Dartium Experience (pt5)


Turbulent Waters 

With great power, and feature sets, comes great responsibility. The Wizards at Datrium created a very awesome product with some very strict tolerances. They made an easy to use product that incorporates primary and backup storage with replication and all in an integrated single pain of glass.

After several system updates and upgrades it was found that keeping the easy to use ship on course, took us thru some pretty heavy seas. We were promised that the redundancy built into the system would keep our data online all the time. We found that wasn't always the case. And we found that the reasons for each incident ( there were a few ) were either a mismatched driver or firmware revision.

From the shock and awe of the deployment and management experience, the performance and recovery functionality to the SSD "nonfailure" failures to actual controller failures and unsupported supported drivers, the seven Cs of the Datrium Experience have been a very Turbulent place.

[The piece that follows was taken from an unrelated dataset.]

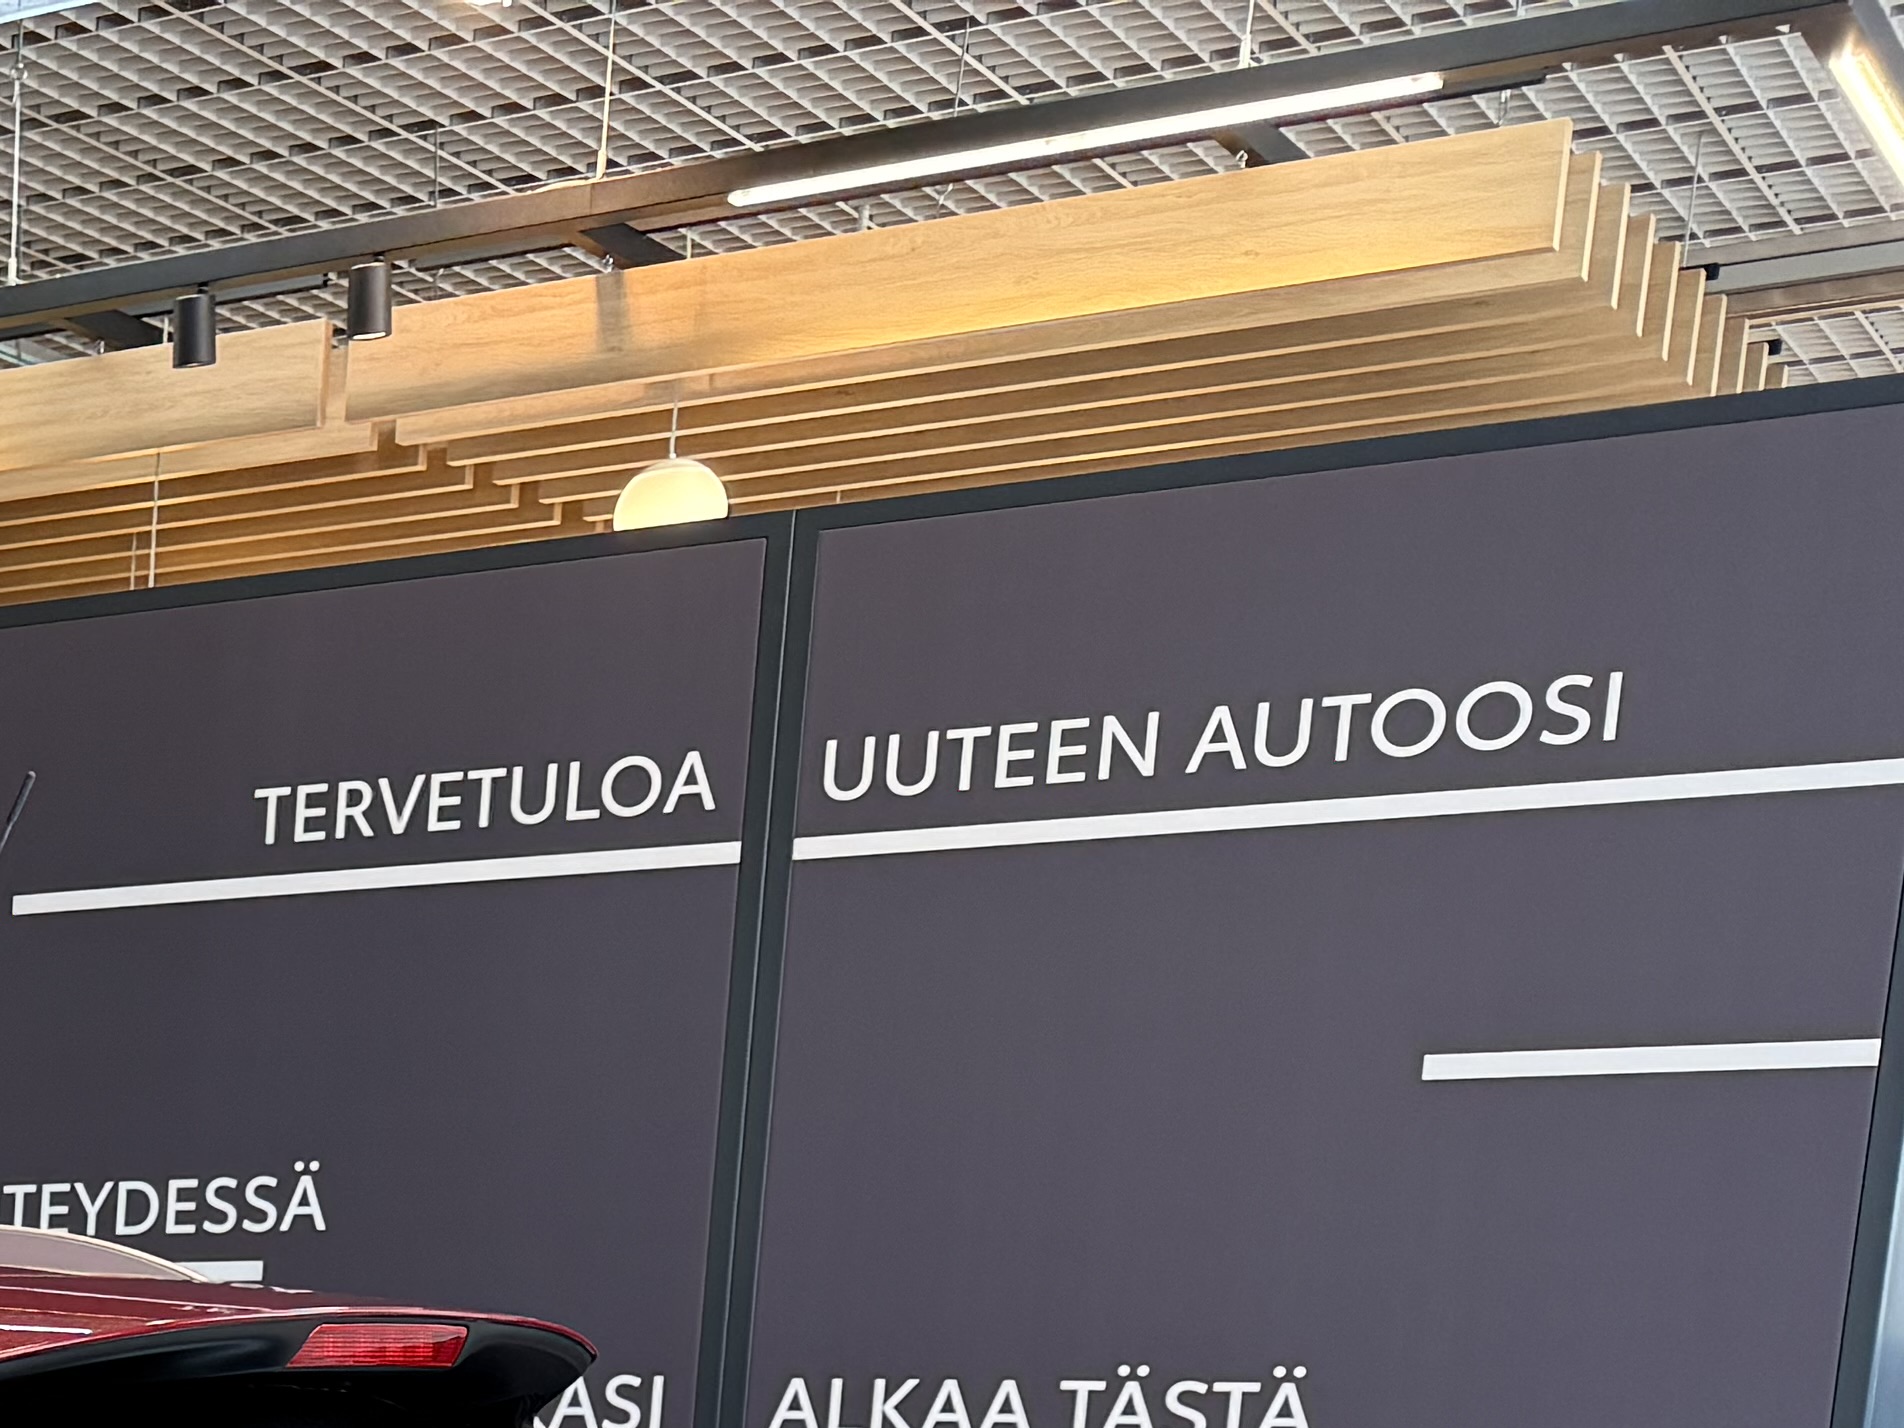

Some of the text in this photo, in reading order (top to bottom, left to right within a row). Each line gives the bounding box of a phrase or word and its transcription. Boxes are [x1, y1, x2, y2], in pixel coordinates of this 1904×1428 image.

Cool... The tech is awesome!
Without rewriting the previous posts the following features are core to the solution. Its a software defined solution that allows for separation of performance and capacity. The layered approach to processing allows for encryption at rest, compression, deduplication, recovery, and resiliency in a fairly compact package.

Collected... It's easy to use
Simple installation, deployment and even expansion. Single pane of glass management and incorporated backups. Not to mention the super compact physical dimensions of our completed system.

The storage nodes can be added to the array in a matter of moments. Rack, stack, and power it on, go to the management console and add the node to the array. Backups are included and it's supper easy to do a restore. 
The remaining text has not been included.